BRIEF DESCRIPTION OF THE DRAWINGS
[0010] Some example embodiments will now be described with
reference to the accompanying drawings:
[0011] FIG. 1 shows a block diagram of an example apparatus in
which examples of the disclosed embodiments may be applied;
[0012] FIG. 2 shows a block diagram of another example apparatus in
which examples of the disclosed embodiments may be applied;
[0013] FIG. 3 illustrates an example of image information provided
by a media player;
[0014] FIG. 4 illustrates another example of image information
provided by a media player;
[0015] FIG. 5 illustrates an example method; and
[0016] FIG. 6 illustrates an example of defining an axis of
interest, an audio rendering axis and alignment control
information.
DETAILED DESCRIPTION
[0017] The following embodiments are exemplifying. Although the
specification may refer to "an", "one", or "some" embodiment(s) in
several locations of the text, this does not necessarily mean that
each reference is made to the same embodiment(s), or that a
particular feature only applies to a single embodiment. Single
features of different embodiments may also be combined to provide
other embodiments.
[0018] Example embodiments relate to an apparatus configured to
receive image information comprising a visual representation of a
scene and audio information comprising at least one sound source,
determine an axis of interest within the visual representation of
the scene, the axis of interest being associated with the at least
one sound source, determine, with respect to the axis of interest,
an audio rendering axis associated with a first audio channel and a
second audio channel, the first audio channel and the second audio
channel comprising respective audio signals relating to the at
least one sound source, determine a default rendering axis for the
image information and the audio signals, and determine alignment
control information for aligning the default rendering axis and the
audio rendering axis.
[0019] Omnidirectional cameras such as ceiling mounted security
cameras are typically installed such that their position is
optimized for monitoring a space without obstructions. An
omnidirectional camera may capture images/video in a downwards
direction, but the image/video may be viewed from an upright
display. The image/video capture may also comprise capturing sound
provided by a sound source. A change between the capturing
direction and the viewing direction may cause challenges in audio
rendering in terms of losing a semantically consistent connection
between the captured image/video and captured sound.

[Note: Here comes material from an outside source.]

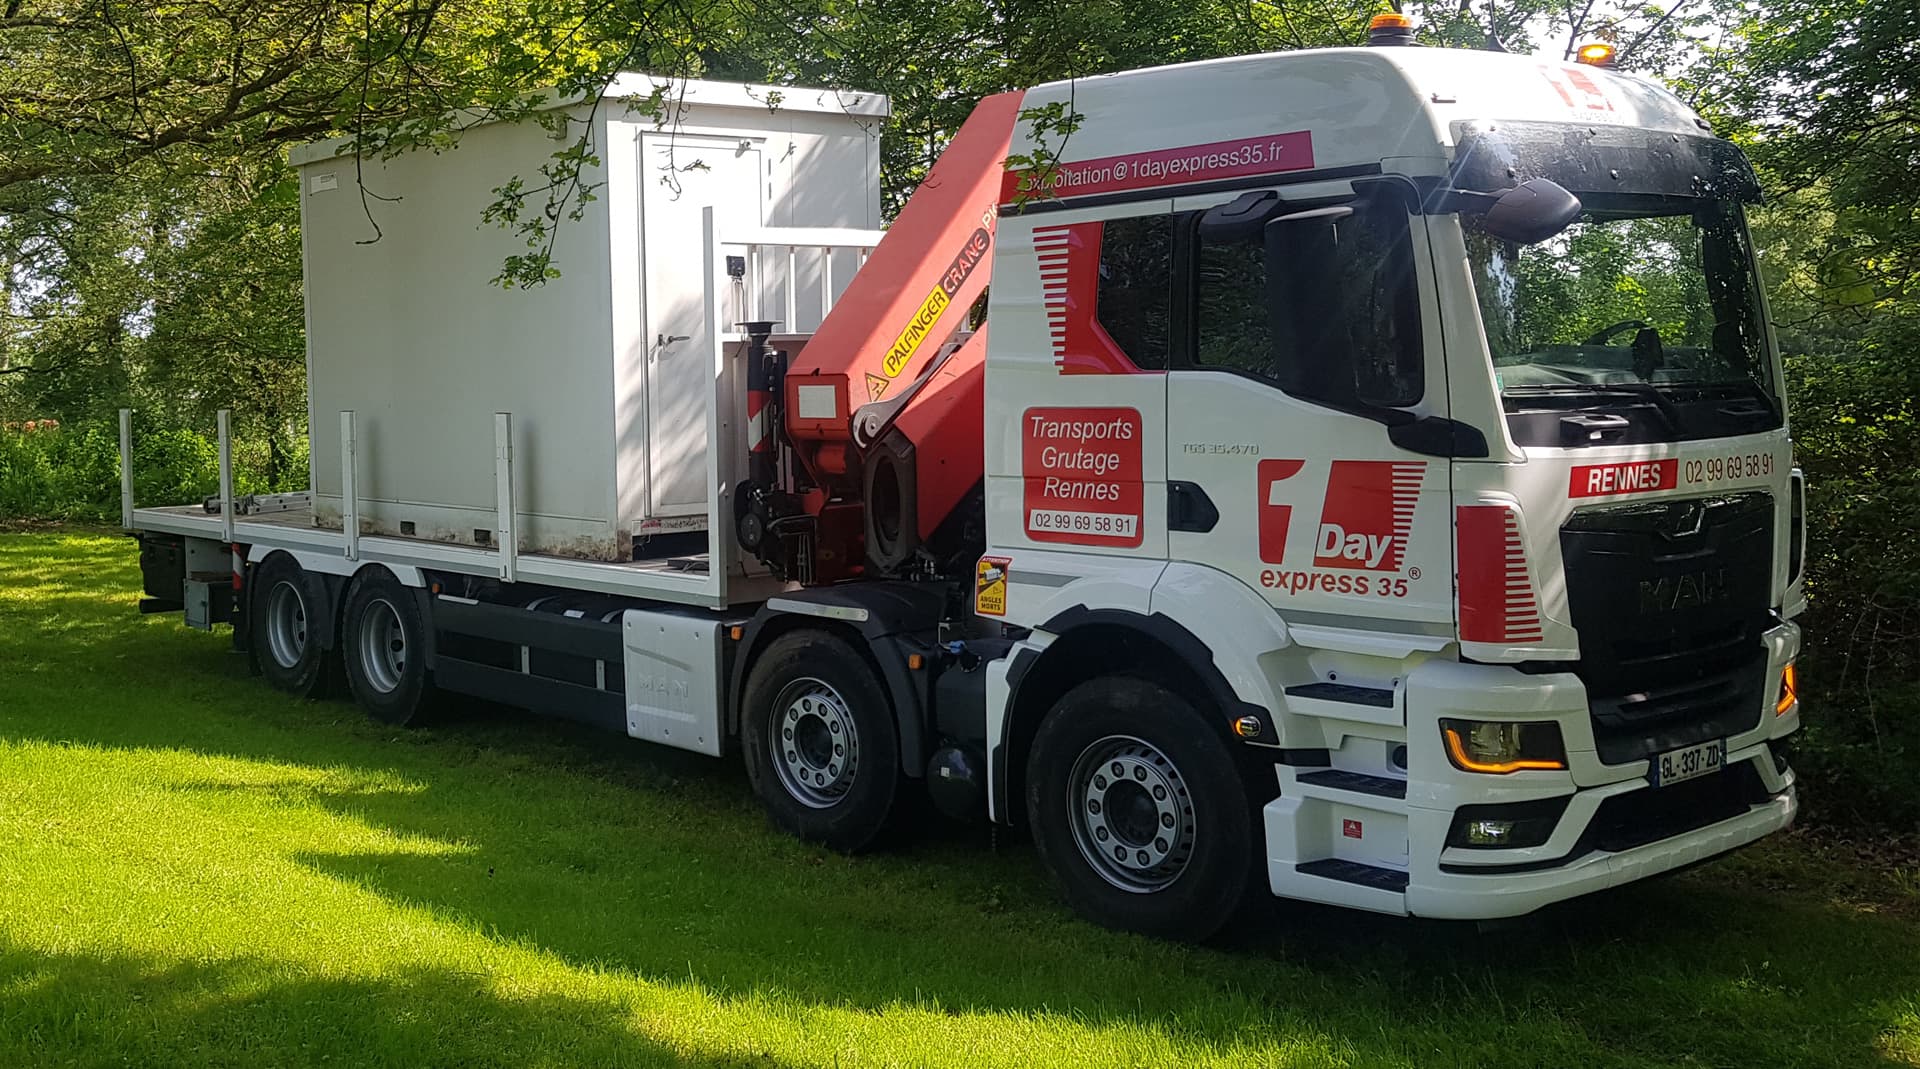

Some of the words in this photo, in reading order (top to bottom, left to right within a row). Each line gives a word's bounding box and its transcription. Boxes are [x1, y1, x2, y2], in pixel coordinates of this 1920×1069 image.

[0020] FIG. 1 is a block diagram depicting an apparatus 100
operating in accordance with an example embodiment of the
invention. The apparatus 100 may be, for example, an electronic
device such as a chip or a chipset. The apparatus 100 comprises one
or more control circuitry, such as at least one processor 110 and
at least one memory 160, including one or more algorithms such as
computer program code 120 wherein the at least one memory 160 and
the computer program code are 120 configured, with the at least one
processor 110 to cause the apparatus 100 to carry out any of
example functionalities described below.
[0021] In the example of FIG. 1, the processor 110 is a control
unit operatively connected to read from and write to the memory
160. The processor 110 may also be configured to receive control
signals received via an input interface and/or the processor 110
may be configured to output control signals via an output
interface. In an example embodiment the processor 110 may be
configured to convert the received control signals into appropriate
commands for controlling functionalities of the apparatus 100.
[0022] The at least one memory 160 stores computer program code 120
which when loaded into the processor 110 control the operation of
the apparatus 100 as explained below. In other examples, the
apparatus 100 may comprise more than one memory 160 or different
kinds of storage devices.
[0023] Computer program code 120 for enabling implementations of
example embodiments of the invention or a part of such computer
program code may be loaded onto the apparatus 100 by the
manufacturer of the apparatus 100, by a user of the apparatus 100,
or by the apparatus 100 itself based on a download program, or the
code can be pushed to the apparatus 100 by an external device. The
computer program code 120 may arrive at the apparatus 100 via an
electromagnetic carrier signal or be copied from a physical entity
such as a computer program product, a memory device or a record
medium such as a Compact Disc (CD), a Compact Disc Read-Only Memory
(CD-ROM), a Digital Versatile Disk (DVD) or a Blu-ray disk.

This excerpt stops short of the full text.